Ebola, as I write, is ravaging several African countries, with the most optimistic predictions hoping that the rate of increase of horrible deaths will reach zero early in 2015. A recently discovered virus meets inadequate medical infrastructure and we have a classic public health problem on the scale of the cholera outbreaks that spurred the Victorians to build sewers, if not of the repeated plagues that swept London two centuries earlier.
Both cholera and the earlier plague outbreaks spurred the beginnings of statistical approaches to public health, and that's why today's researchers can predict how long it could take us to get the disease under control, how many more hospital beds Sierra Leone needs, and so on.
You could argue that it's already obvious how lacking Sierra Leone and its neighbours were in hospital beds, doctors and most of the things we take for granted in the UK. Certainly, a country that has to turn away highly infectious, dying patients because its clinics are full, is not going to able to contain Ebola. When the disease struck this year, Liberia had one doctor per 100,000 people. Nigeria, in contrast, has so far successfully controlled Ebola within its borders.
Nevertheless, some ability to model epidemics may direct help to where it can be most effective. And certainly, from epidemiology to genetics, much of medical science relies on data and statistics. In the UK, death by Ebola remains vanishingly unlikely.
Here, each of us will probably live to retirement age and eventually succumb to either cancer or some cardiovascular disease. So public health here tends to focus, not on the big infectious and parasitic killers, but on the factors that make small changes to an individual's odds, but look likely to make a difference across whole populations.
Many of these factors seem to be our own habits – for example: what, where and how much we eat, drink and smoke. So this week's proposal to improve the public health of Britain's population (a proposal backed by England's Chief Medical Officer, Sally Davies) is to ban smoking in London's parks and public squares.
Health policy, in particular, likes to be evidence-based. So what is the evidence on which this proposal is based?
New York City has already imposed a similar ban, and the London Health Commission report calling for a smoking ban in London's parks cites the success of this policy (though the graphic portrayal of the fall in smoking rates from 21% to 15% over 10 years shows more correlation between tax hikes and smoking cessation than any effect of smoking bans).
No other evidence is cited in the report. It would clearly be nonsensical to invoke the health effects of secondary smoke, as the report is proud to claim that parks make up nearly 40% of London's area. The city's 1.2 million smokers would have their work cut out to fill that open air with harmful air pollution. No, the proposed ban is justified thus:
'Smoke free London will be better for us all: a better example for children; fewer opportunities for smokers to smoke; less litter; more green and more pleasant places for us to come together for better health. It would be a powerful message for the iconic centre of our city and the political heart of our country to become smoke free. What better way to show our city’s ambition to be the healthiest major global city?'
It's not about the effects of smoking, it's about the effects of seeing people smoke.

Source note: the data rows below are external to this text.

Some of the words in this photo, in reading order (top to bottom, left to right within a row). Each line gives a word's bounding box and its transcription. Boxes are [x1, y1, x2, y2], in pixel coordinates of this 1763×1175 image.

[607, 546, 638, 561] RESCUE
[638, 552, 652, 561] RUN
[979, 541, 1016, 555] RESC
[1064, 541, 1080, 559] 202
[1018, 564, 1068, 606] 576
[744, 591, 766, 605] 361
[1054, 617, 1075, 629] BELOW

The effects of smoking are bad for the smoker's health, no doubt about that. The link between smoking and lung cancer is the iconic success story of medical statistics, revealing a correlation so strong that the researchers who discovered it quit the habit without waiting until the causal mechanism was found.
Nevertheless, despite the ill effects being so widely known today, almost one in five adults continues to smoke. So public health research turned its attention to how to change human behaviour. What works best in reducing the smoking rate? Information? Legislation? A range of behavioural techniques often called ‘nudge’?

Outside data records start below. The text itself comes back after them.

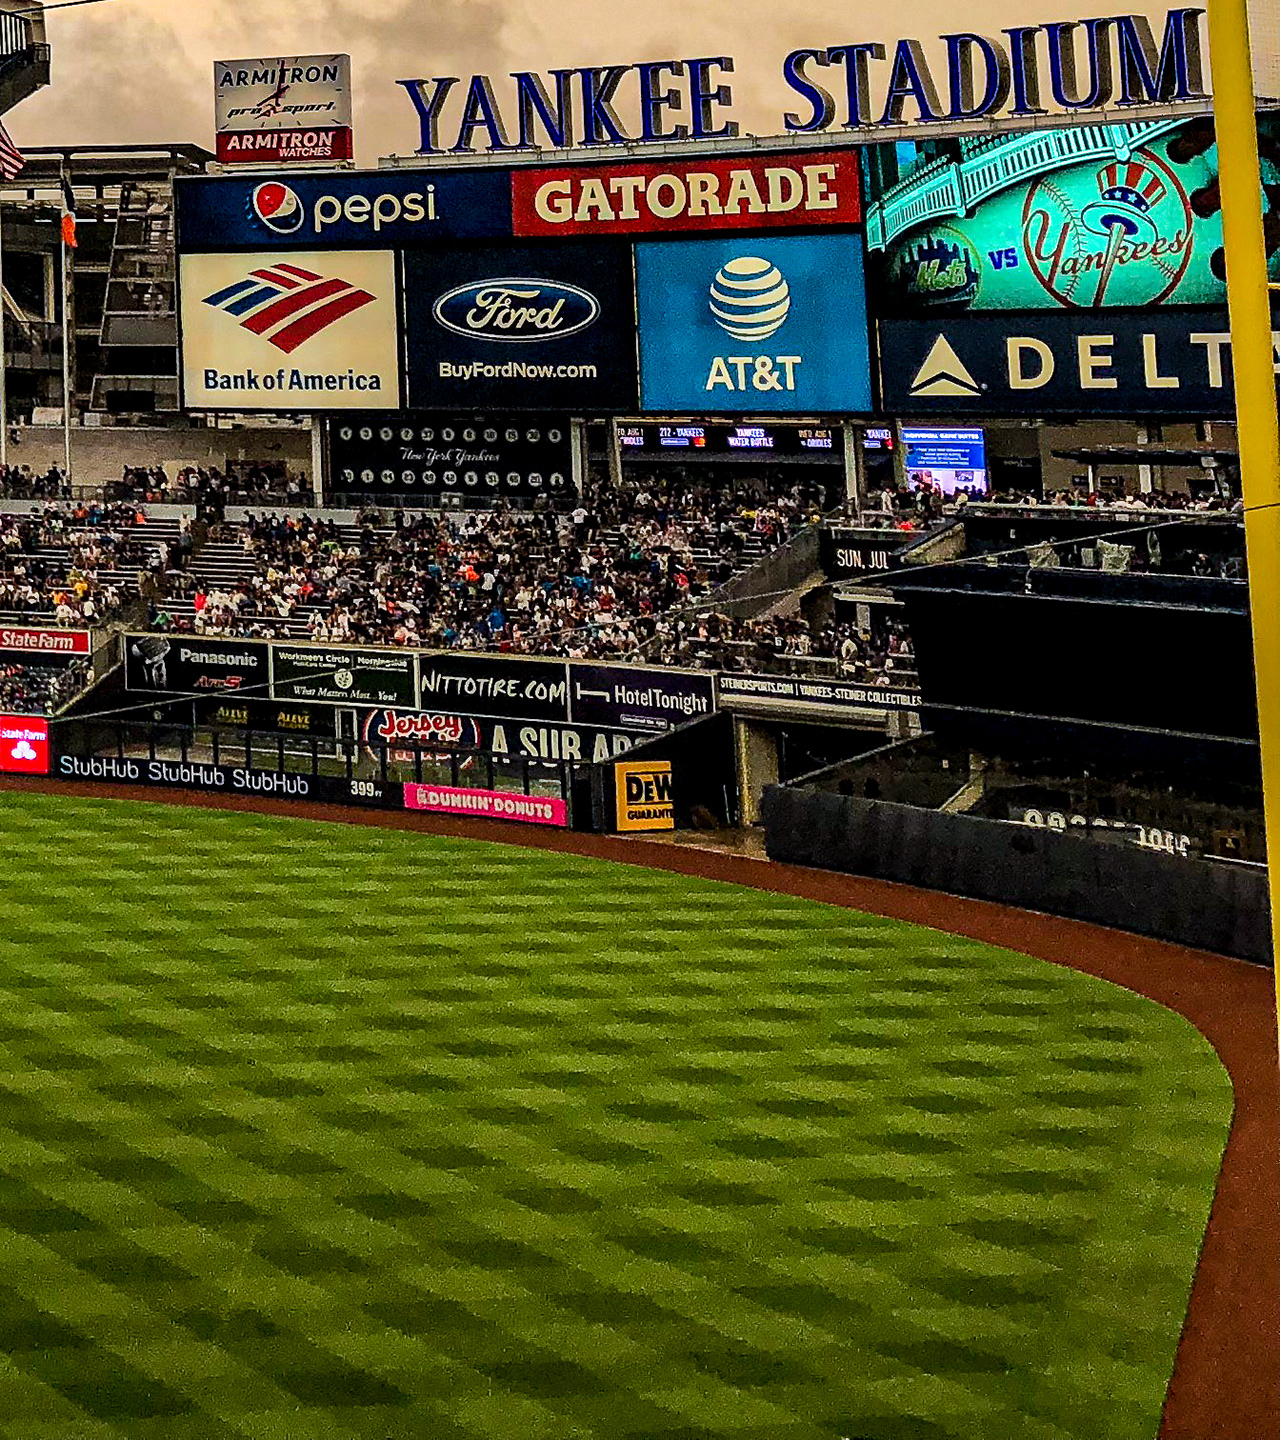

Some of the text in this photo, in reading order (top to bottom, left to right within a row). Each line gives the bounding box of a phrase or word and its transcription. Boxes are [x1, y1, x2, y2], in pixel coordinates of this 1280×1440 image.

[220, 65, 337, 87] ARMITRON
[396, 7, 1205, 156] YANKEE STADIUM
[227, 101, 335, 118] pro sport
[227, 132, 334, 150] ARMITRON
[279, 146, 332, 157] WATCHES
[314, 184, 436, 233] pepsi
[535, 164, 838, 223] GATORADE
[1023, 210, 1189, 290] Yankees
[916, 258, 967, 291] Mets
[467, 286, 567, 333] Ford
[439, 362, 598, 380] BuyFordNow.com
[706, 356, 802, 391] AT&T
[1007, 333, 1280, 389] DELT
[204, 369, 381, 391] Bank of America
[180, 647, 258, 667] Panasonic
[421, 669, 566, 706] NITTOTIRE.COM
[614, 685, 708, 714] HotelTonight
[378, 710, 463, 740] Jersey
[492, 725, 508, 763] A
[60, 755, 309, 795] StubHub StubHub StubHub
[350, 780, 374, 796] 399
[429, 790, 553, 819] DUNKIN' DONUTS

But people, their habits and their minds, are much harder to turn into data than the numbers tracking their illnesses and deaths. Seeing (or smelling) others smoke may be a temptation to a would-be quitter – but it turns out that seeing no-smoking signs also provokes the desire to smoke.
Predicting the effects of public policy is notoriously hard, even when you use both mathematical modelling and ‘ecological studies’ (looking at what other countries did). And this kind of predictive research is usually commissioned with an eye to policy initiatives already in somebody's mind, laying it open to the accusation of being ‘policy-based evidence’.

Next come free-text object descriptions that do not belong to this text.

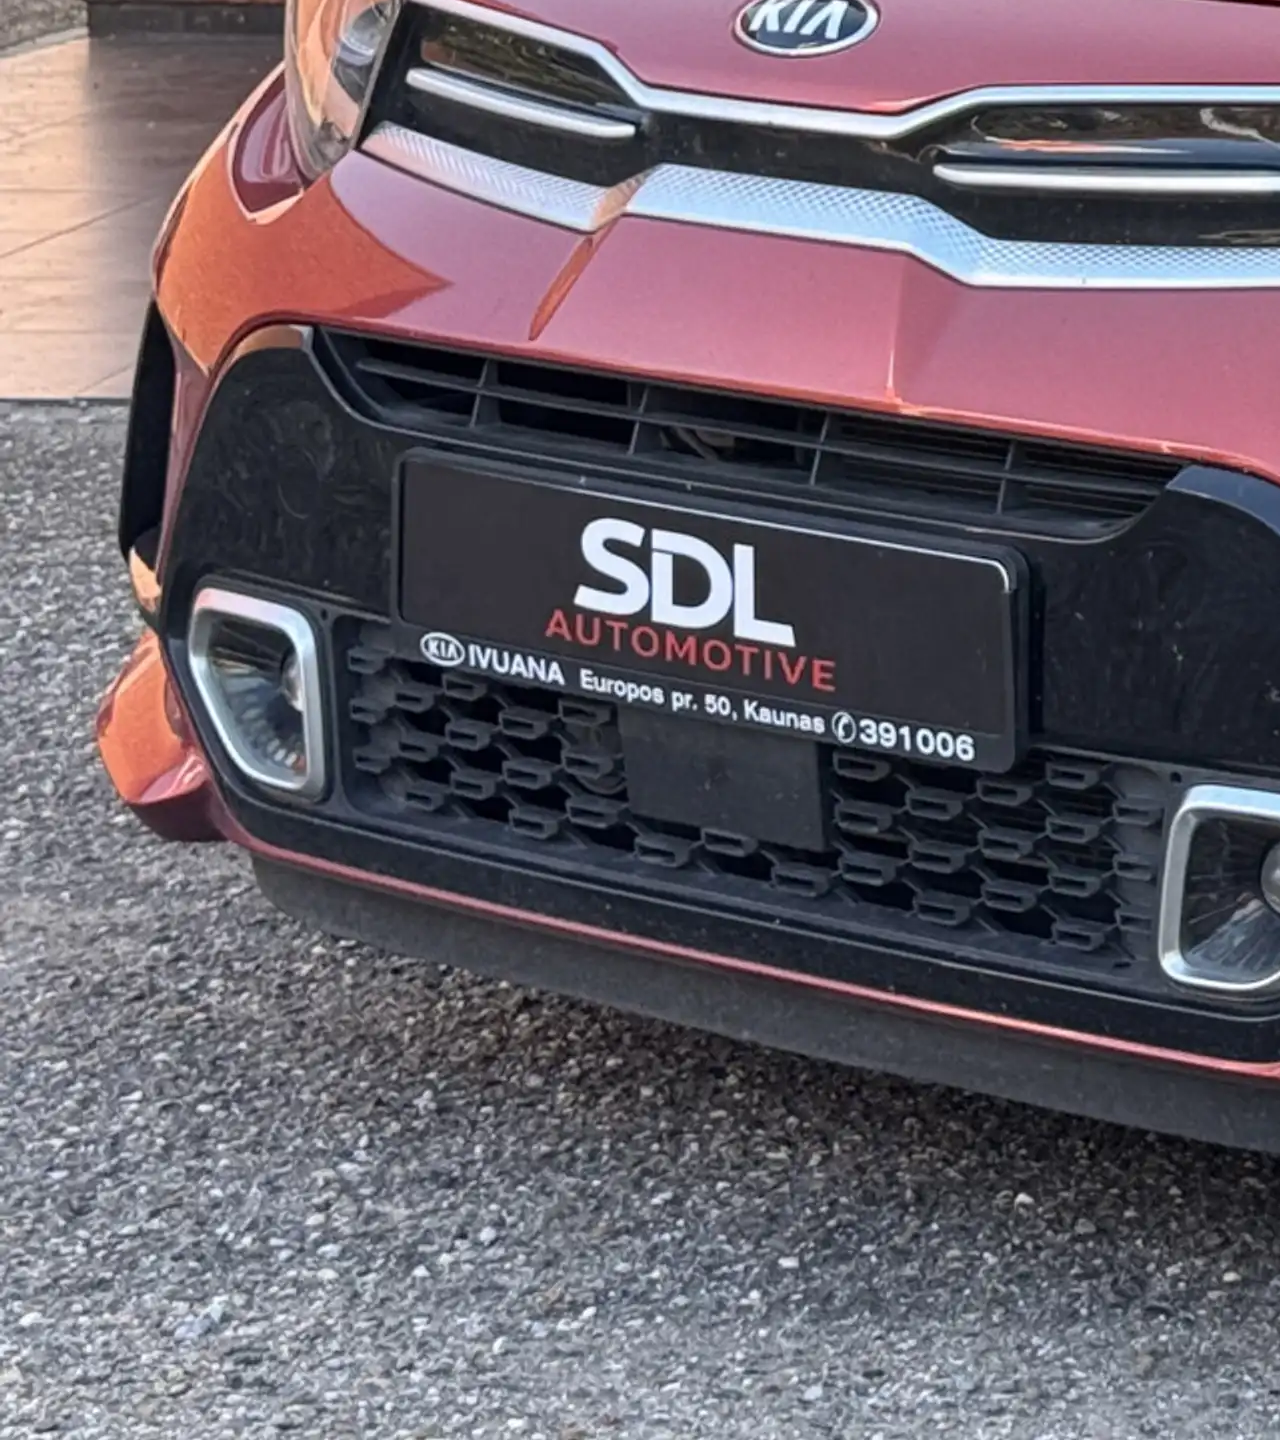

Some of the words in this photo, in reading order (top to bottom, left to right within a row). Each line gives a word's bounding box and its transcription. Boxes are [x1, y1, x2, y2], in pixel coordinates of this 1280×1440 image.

[573, 516, 797, 647] SDL
[467, 643, 565, 687] IVUANA
[579, 666, 666, 705] Europos
[671, 689, 699, 713] pr.
[704, 693, 738, 722] 50,
[743, 698, 827, 735] Kaunas
[859, 719, 977, 761] 391006
[545, 608, 837, 692] AUTOMOTIVE

The problem for public health campaigners is that the white coat of science still looks much cleaner than the gravy-stained tie of the politician (of whatever party). Statistics or data carry more authority than any statement of principle.
So assertions which are based more on philosophical beliefs about how human beings work and how we ought to relate to one another, are portrayed as ‘evidence’ with a veneer of objectivity.
But there are questions for which statistics and data don't work. Even if research could show that seeing people smoke in parks correlates with more young people starting to smoke, would the ban be justified?
A park as a ‘beacon of healthy living’ is a profound redefinition of public space. The 40% of London in which its citizens can interact freely, without harming one another, becomes instead a space in which to model officially sanctioned healthy behaviour.
Which is why, when it comes to public health, data and statistics are not enough. We also need philosophers, political animals and yes, we the unruly public.